However, the sharing of cases internationally may encounter limitations such as the availability and accessibility of shared cases can vary. Some institutions or educators may have limited resources or restrictions on sharing cases due to institutional policies or legal constraints. Thus, the pool of patients may become unbalance of locality. Communication and cooperation may resolve the restrictions but it depends on the actual scenarios.

Rare cases sharing.

We consider that some medical cases are rare such as water allergy, some urgent cases, and some international cases may not be able to let students study with bedside teaching. For rare cases, we cannot ask all the medical students to attend since the patient needs to have a good rest, and the patient will be discharged when she is getting better. Moreover, for urgent cases such as appendicitis, in most situations, the patient will be sent to the operation room directly and it is impossible to let students study with bedside teaching. When the students can reach the patient, the situation becomes stable.

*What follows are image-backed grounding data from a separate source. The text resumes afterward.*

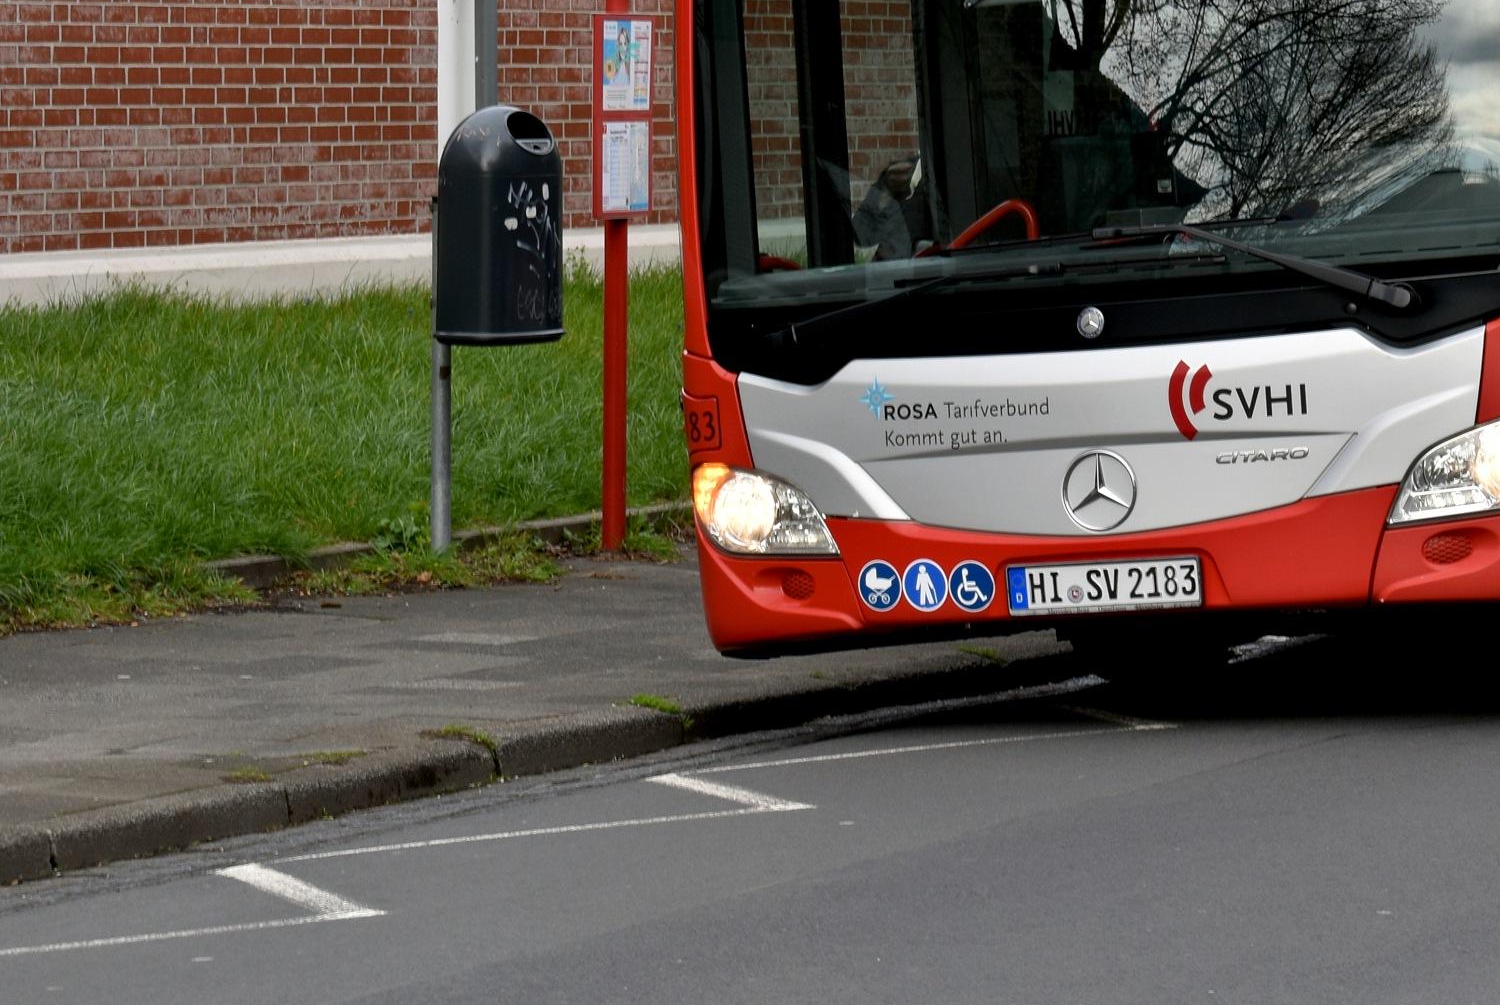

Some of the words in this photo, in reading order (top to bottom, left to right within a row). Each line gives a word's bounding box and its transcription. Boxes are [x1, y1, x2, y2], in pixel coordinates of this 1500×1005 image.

[884, 403, 938, 421] ROSA
[943, 396, 1050, 419] Tarifverbund
[1212, 383, 1308, 421] SVHI
[885, 430, 944, 447] Kommt
[950, 429, 977, 450] gut
[983, 430, 1008, 444] an.
[1215, 446, 1310, 465] CITARO
[1015, 592, 1023, 604] D
[1028, 572, 1063, 604] HI
[1086, 568, 1119, 601] SV
[1127, 564, 1197, 598] 2183
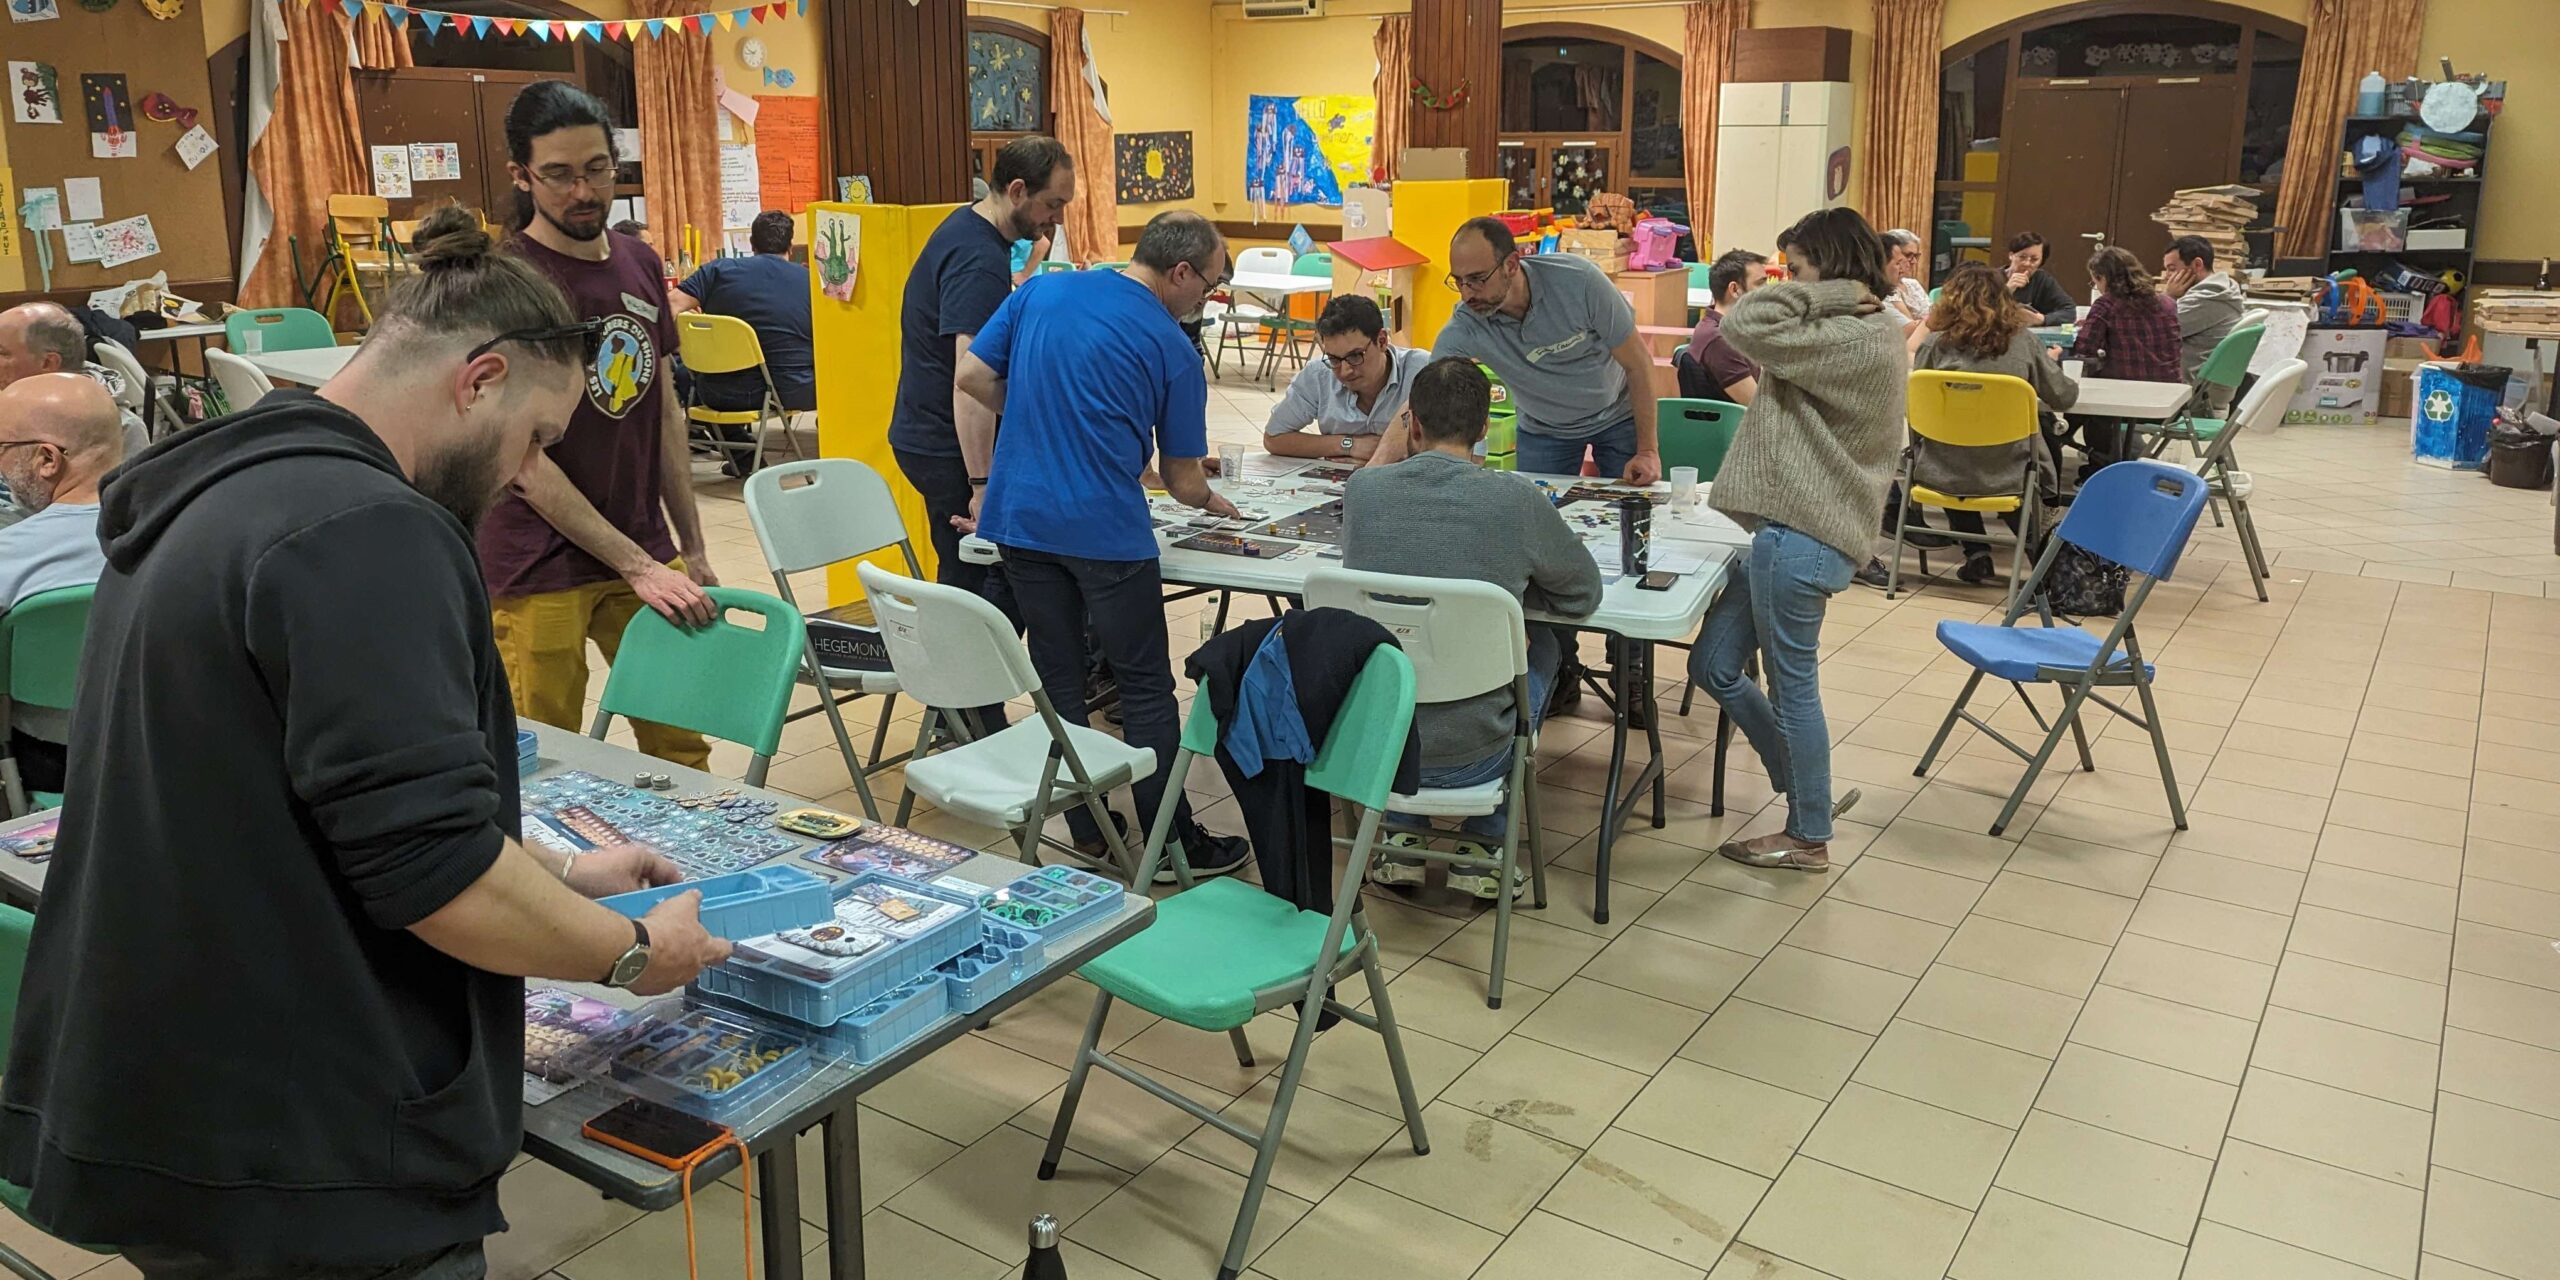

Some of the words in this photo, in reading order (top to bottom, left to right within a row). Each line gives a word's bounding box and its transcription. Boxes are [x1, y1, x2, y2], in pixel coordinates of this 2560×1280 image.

[589, 376, 603, 398] LES
[630, 324, 645, 340] DU
[640, 340, 652, 385] RHONE
[814, 638, 887, 658] HEGEMONY

When it comes to sharing rare medical cases, addressing privacy concerns becomes more complex compared to sharing common or localized cases. The limited pool of patients with rare conditions poses challenges in maintaining anonymity while providing valuable medical information. In such cases, additional precautions are necessary to protect patient privacy.

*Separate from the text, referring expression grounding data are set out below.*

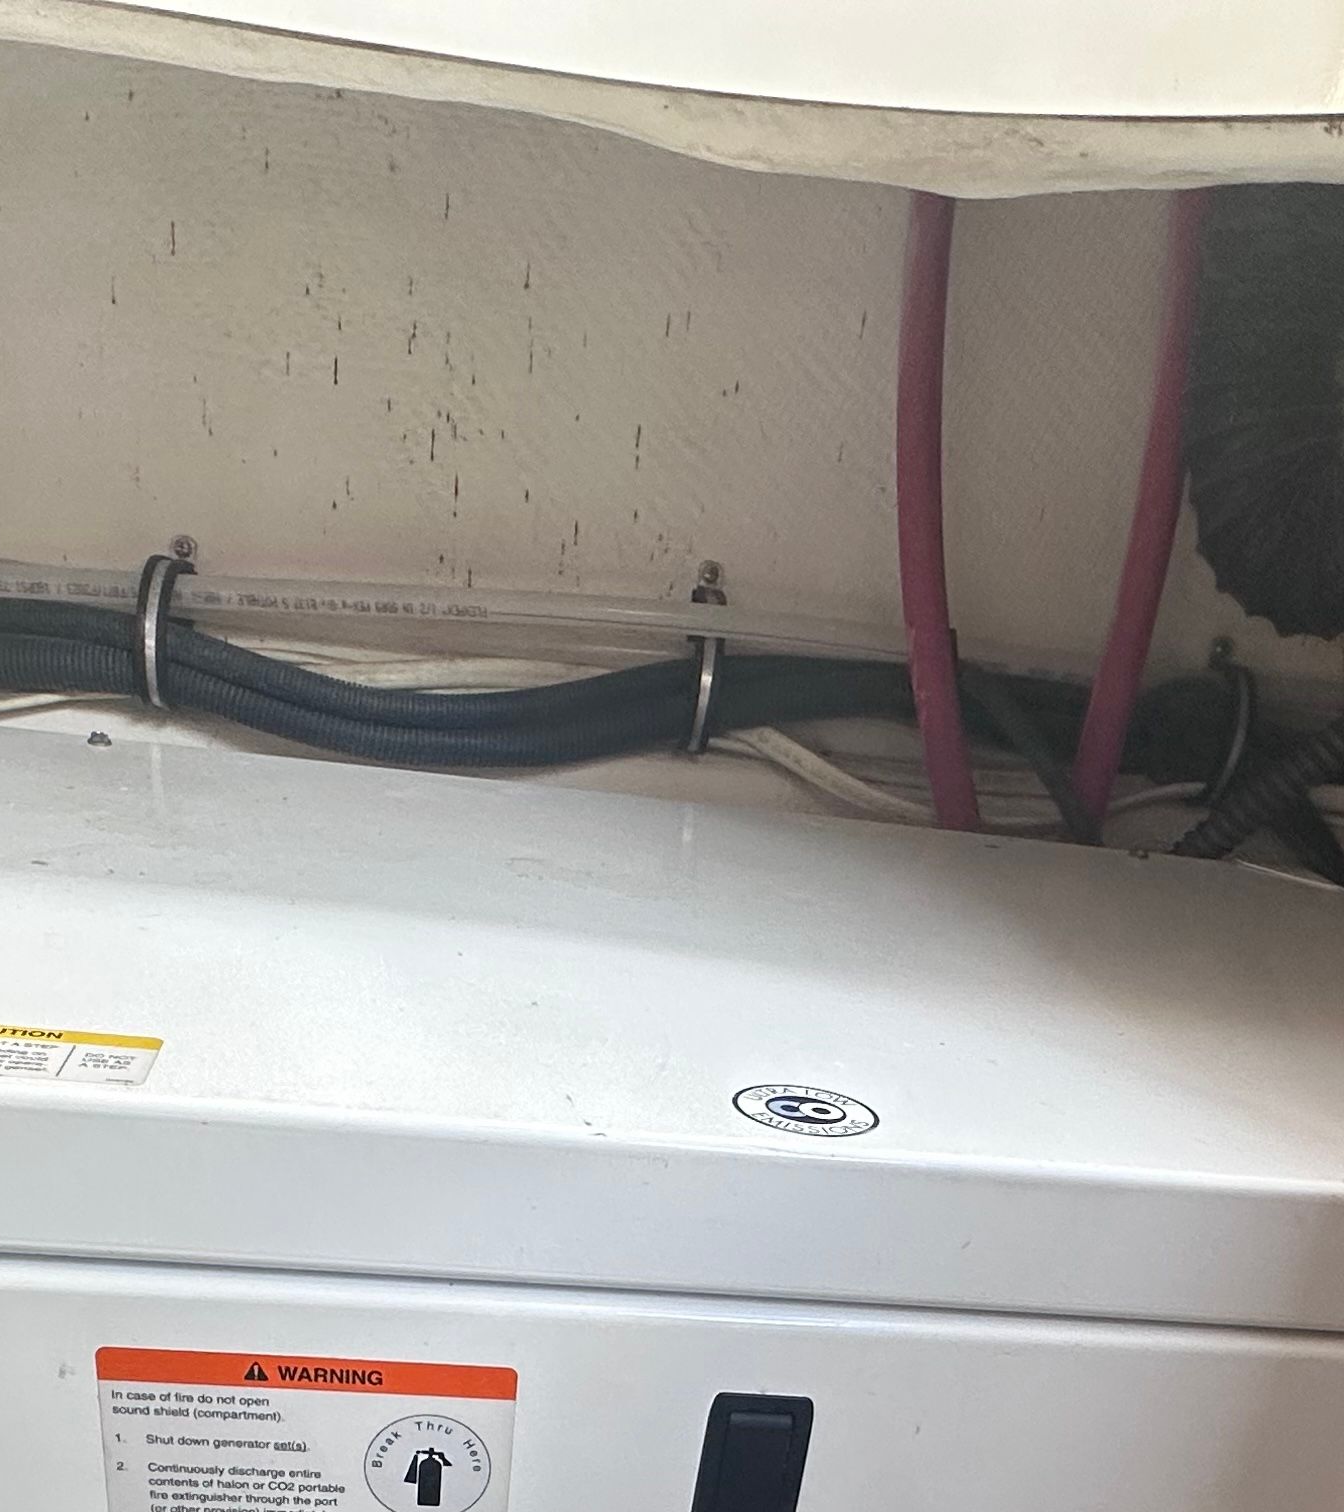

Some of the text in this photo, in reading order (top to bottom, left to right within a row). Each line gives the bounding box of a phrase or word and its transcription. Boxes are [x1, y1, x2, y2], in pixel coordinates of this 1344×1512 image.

[278, 1366, 383, 1386] WARNING
[111, 1389, 270, 1407] In case of fire do not open
[112, 1405, 150, 1415] sound
[154, 1407, 190, 1417] shield
[146, 1434, 174, 1446] Shut
[177, 1436, 210, 1447] down
[213, 1438, 269, 1450] generator
[371, 1421, 481, 1472] Break Thru Here
[147, 1462, 226, 1477] Continuously
[228, 1466, 286, 1480] discharge
[289, 1469, 321, 1479] entire
[148, 1477, 345, 1494] contents of halon or CO2 portable
[149, 1490, 338, 1508] fire extinguisher through the port

Sharing rare cases may involve a smaller number of patients who have experienced similar conditions. This makes it easier to identify individuals based on their unique circumstances. Even if personal identifiers are removed, the combination of rare medical details and additional information, such as family history or minor medical history, could potentially narrow down the choice of the patient’s actual identity. Therefore, a well-designed approach is required to ensure privacy is maintained while sharing these cases. To enhance privacy, it may be necessary to encapsulate or generalize certain aspects of the case. Minor details or specific patient information can be modified or omitted to further protect patient identities. By carefully considering the level of detail provided and anonymizing any identifying information, the privacy of rare case patients can be safeguarded while still allowing for the sharing of valuable medical knowledge.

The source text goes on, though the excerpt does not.